A look back at Almon family
A couple of weeks ago we looked at a distinguished member of the Almon family who served as probate judge longer than any other.
Many citizens of Hartselle and other communities knew of no probate jurist other than T. C. (Cliff) Almon. He held this position when they were born and probably issued their marriage licenses. He also probated countless wills. I remember when Judge Almon probated my dad’s will late in 1964, a few weeks after he, W. H. (Bill) Stewart Sr., passed away at UAB Hospital because of a heart condition roughly similar to one his son and namesake has as well.
Almon family members who have researched their history tell us the sire of the family was George W. Almon, who came to Lawrence County from Pulaski, Tenn., in 1817, two years before Alabama was admitted to the Union as a state with all the privileges and responsibilities shared by and imposed upon other states.
Following are stories related to the Almons in the 20th century, which have not appeared in this column before.
July 12, 1902—One of the most pleasant social events of the year was the barbecue and squirrel stew given by Judge E. B. Almon this afternoon at his summer residence, “Fern Quarry.” Judge Almon presides over the 11th judicial circuit, and the entertainment was given to the attorneys, newspapermen and chair officials of our district.
April 1, 1909—Circuit Solicitor David C. Almon (the father of Judge T. C. Almon) is in New York undergoing treatment for a nervous breakdown. Mr. Almon recently has been overrun with legal business, and on this account, his health has been quite bad for some weeks.
July 20, 1915—Congressman E. B. Almon was in Hartselle today along with Mrs. E. H. Mathis and M. C. Mauen, district farm demonstrator, to address the citizens in the interest of diversified farming and better educational facilities.
Janu. 3, 1916—A hot fight for the honor of representing the eighth Alabama district in Congress was assured by two candidates – Judge E. B. Almon of Tuscumbia and Judge W. W. Callahan of the Decaturs – who shied their hats into the ring today. In the race to succeed the late Judge William Richardson, which was waged in 1914, four candidates entered the field. These candidates included Judge Almon and Judge Callahan. In the runoff, Almon opposed Callahan and was successful in winning the House seat. Congressman Almon served as speaker of the Alabama House of Representatives and has held many other offices in the gift of the people. He is a member of the widely known Almon family, which has a connection all over this section of the state. Mr. Callahan has served for four years as solicitor (now district attorney) of Morgan County and has many friends and supporters in the Hartselle area.

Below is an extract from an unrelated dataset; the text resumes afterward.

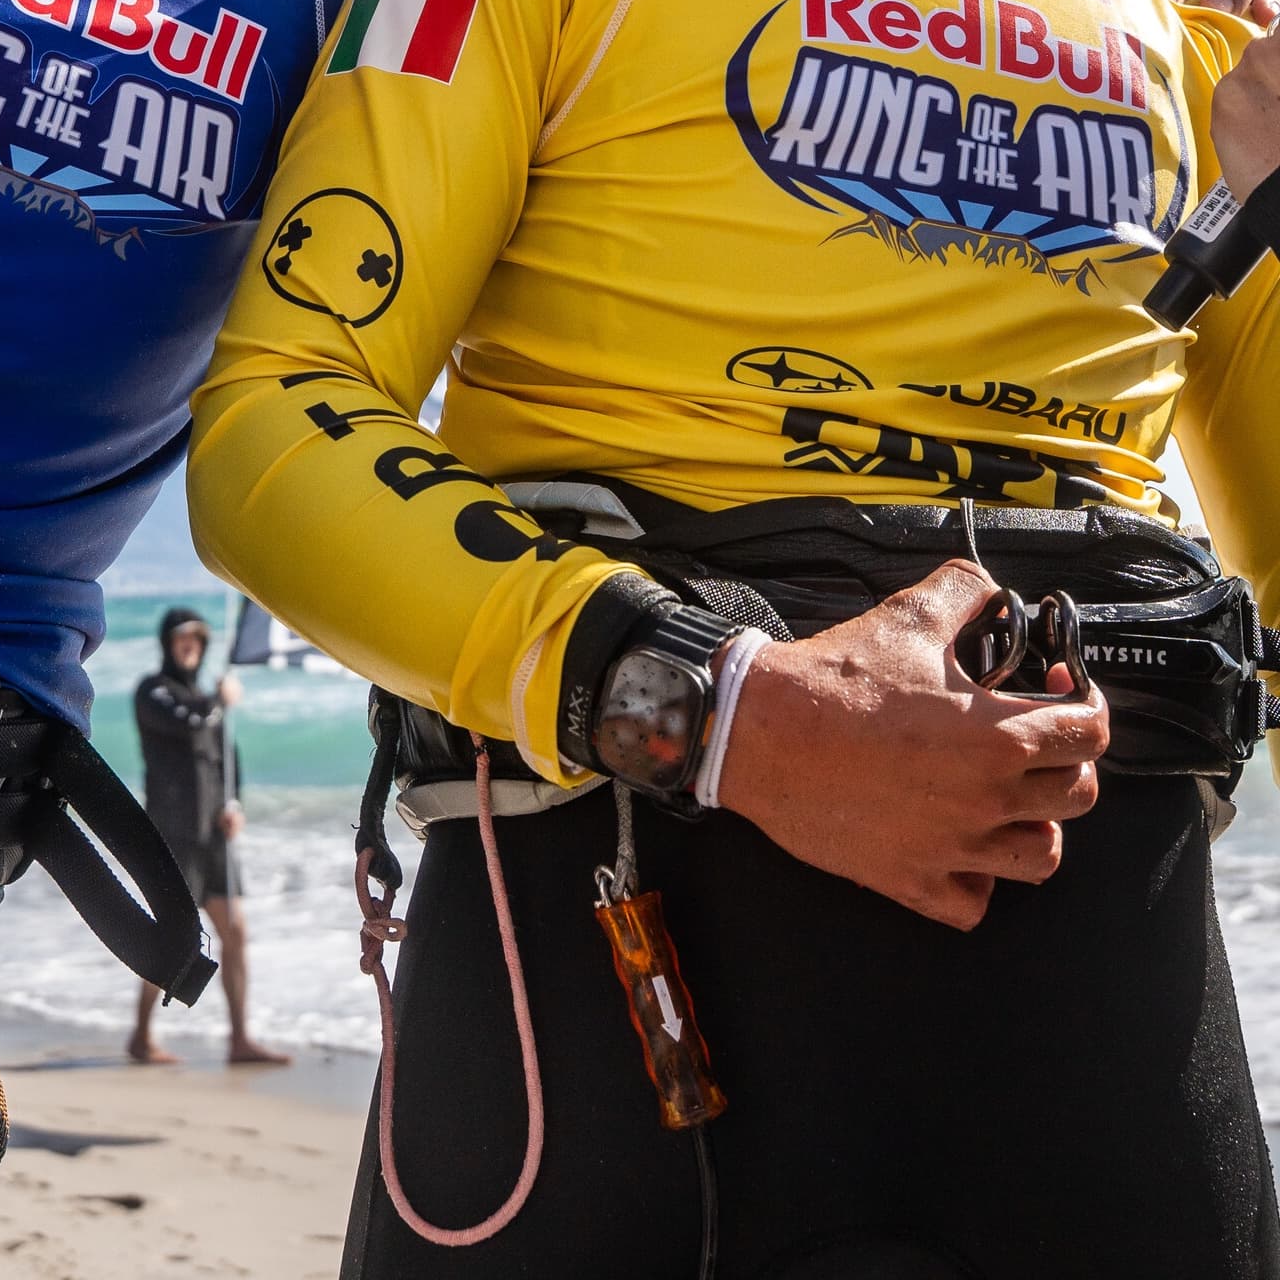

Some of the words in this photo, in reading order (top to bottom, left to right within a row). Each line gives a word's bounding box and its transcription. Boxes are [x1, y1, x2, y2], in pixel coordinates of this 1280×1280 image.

April 17, 1917—When early this morning our Rep. E. B. Almon cast his vote against going to war against the Axis powers, surprise was unbounded throughout the Capitol complex. “I could not conscientiously vote in favor of sending the boys to the trenches of France.” He continued by saying, “There is no reason now to discuss motives. I am for America and in the forthcoming struggle will support the Wilson Administration. In my vote against war, I do not know whether I voted the sentiment of the eighth district or not. At any rate, I was conscientious.”
Oct. 11, 1918—Rep. Almon of our eighth Alabama district left tonight for Tuscumbia to attend the bedside of Walter H. Williams, his son-in-law, who is reportedly stricken with the raging Spanish flu pandemic, which is killing untold thousands of Americans and millions around the world. Rep. Almon’s daughter, Mrs. Walter Williams, is desperately ill with the same malady in Washington.

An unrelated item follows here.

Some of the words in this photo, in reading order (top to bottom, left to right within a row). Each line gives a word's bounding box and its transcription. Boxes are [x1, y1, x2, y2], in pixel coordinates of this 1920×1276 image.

When all the flu deaths from 1918 were tallied, it was found the Spanish flu had taken approximately 50 million lives, approximately five times as many as the Great War.
April 30, 2012—The most recent Almon to distinguish himself in public service was Lawrence County native Supreme Court Associate Justice Reneau P. Almon (1975-1999). Prior to his time on Alabama’s highest court, Justice Almon had served at every level of Alabama’s court system. A few months after the passing of Justice Almon, it was decided to name the new site for holding trials in the State Judicial Building Annex as the Reneau P. Almon Courtroom.